(Text-to-region grounding data)
____

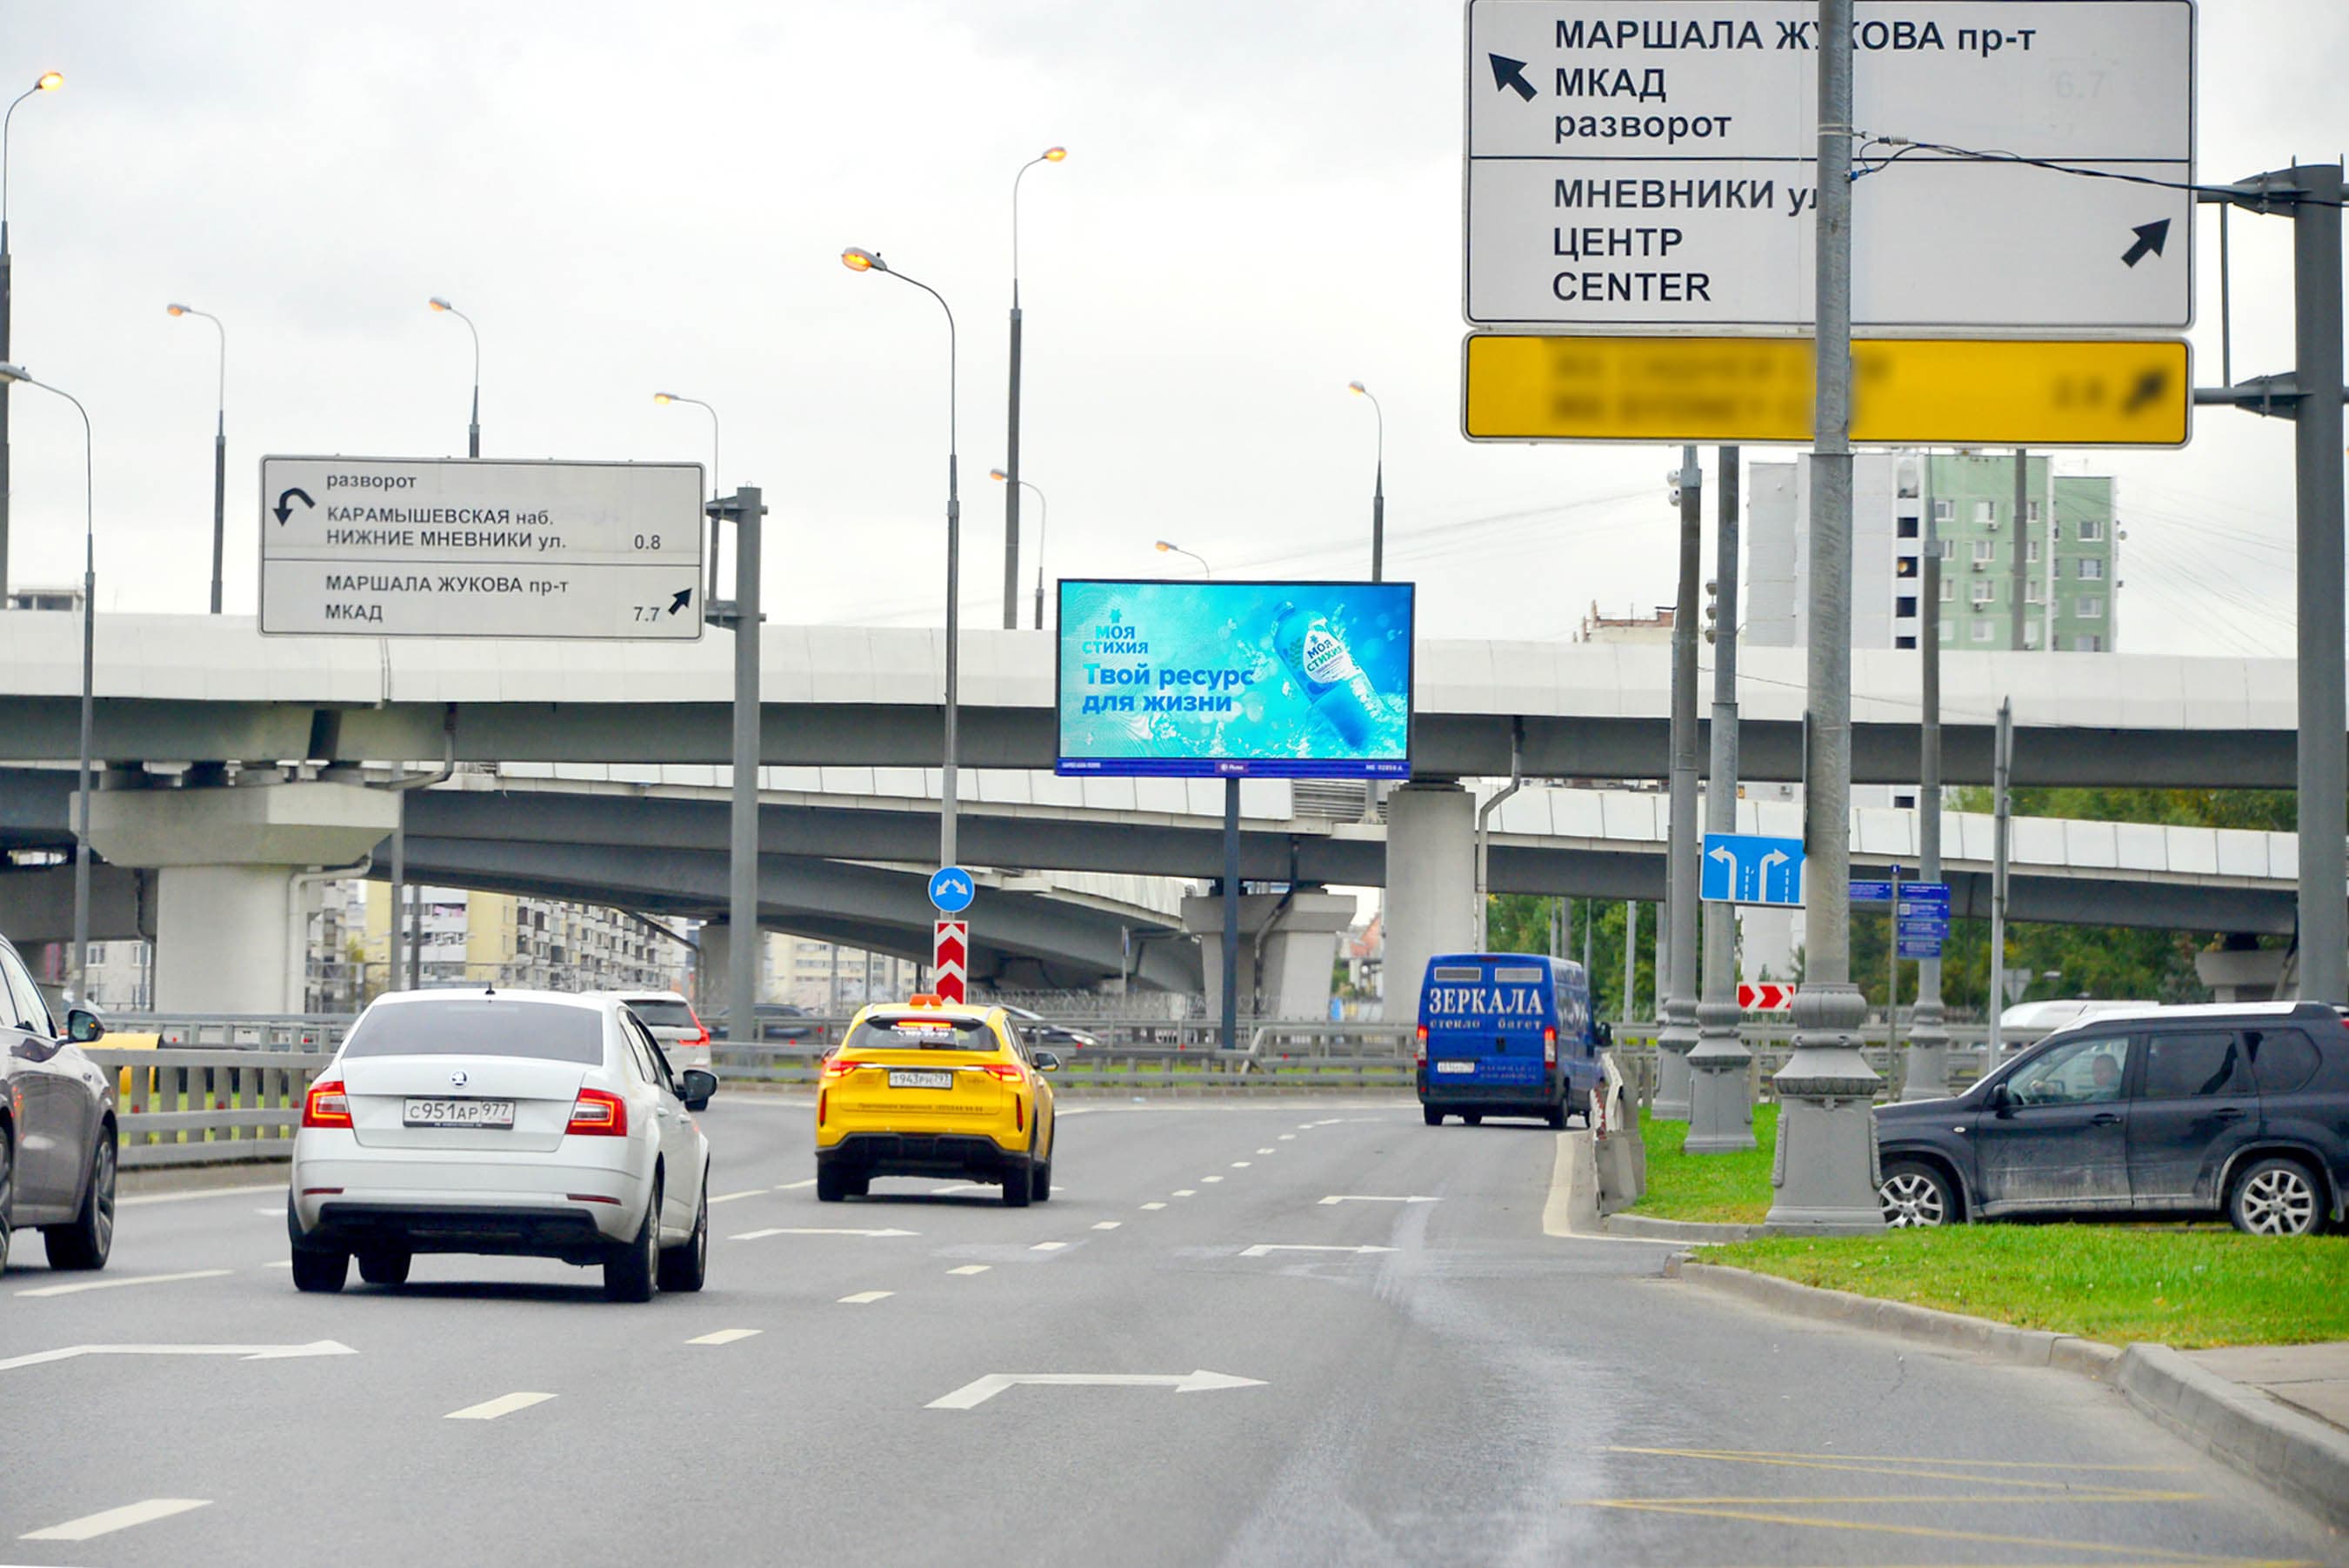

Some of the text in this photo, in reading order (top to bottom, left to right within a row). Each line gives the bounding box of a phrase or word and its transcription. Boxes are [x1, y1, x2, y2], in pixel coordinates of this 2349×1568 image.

[1556, 20, 2036, 58] МАРШАЛА ЖОВА пр-т
[1556, 68, 1666, 103] МКАД
[1555, 116, 1732, 145] разворот
[1555, 179, 1773, 209] МНЕВНИКИ
[1554, 227, 1683, 262] ЦЕНТР
[1552, 271, 1711, 302] CENTER
[327, 475, 417, 491] разворот
[328, 507, 554, 525] КАРАМЫШЕВСКАЯ наб.
[327, 530, 566, 552] НИЖНИЕ МНЕВНИКИ ул.
[634, 534, 661, 550] 0.8
[326, 575, 568, 597] МАРШАЛА ЖУКОВА пр-т
[326, 604, 383, 622] МКАД
[634, 606, 660, 622] 7.7
[1096, 625, 1135, 639] МОЯ
[1082, 642, 1148, 654] СТИХИЯ
[1307, 639, 1333, 659] МОЯ
[1083, 663, 1255, 691] Твой ресурс
[1082, 696, 1231, 715] для жизни
[1429, 987, 1545, 1015] ЗЕРКАЛА
[1430, 1018, 1480, 1030] стекло
[482, 1103, 509, 1116] 977

____

* YOUR OBJECTIVE *
The entries above are to be repeated in full, except for their pictures.

* EXERCISE OUTPUT *
Some of the text in this photo, in reading order (top to bottom, left to right within a row). Each line gives the bounding box of a phrase or word and its transcription. Boxes are [x1, y1, x2, y2], in pixel coordinates of this 2349×1568 image.

[1556, 20, 2036, 58] МАРШАЛА ЖОВА пр-т
[1556, 68, 1666, 103] МКАД
[1555, 116, 1732, 145] разворот
[1555, 179, 1773, 209] МНЕВНИКИ
[1554, 227, 1683, 262] ЦЕНТР
[1552, 271, 1711, 302] CENTER
[327, 475, 417, 491] разворот
[328, 507, 554, 525] КАРАМЫШЕВСКАЯ наб.
[327, 530, 566, 552] НИЖНИЕ МНЕВНИКИ ул.
[634, 534, 661, 550] 0.8
[326, 575, 568, 597] МАРШАЛА ЖУКОВА пр-т
[326, 604, 383, 622] МКАД
[634, 606, 660, 622] 7.7
[1096, 625, 1135, 639] МОЯ
[1082, 642, 1148, 654] СТИХИЯ
[1307, 639, 1333, 659] МОЯ
[1083, 663, 1255, 691] Твой ресурс
[1082, 696, 1231, 715] для жизни
[1429, 987, 1545, 1015] ЗЕРКАЛА
[1430, 1018, 1480, 1030] стекло
[482, 1103, 509, 1116] 977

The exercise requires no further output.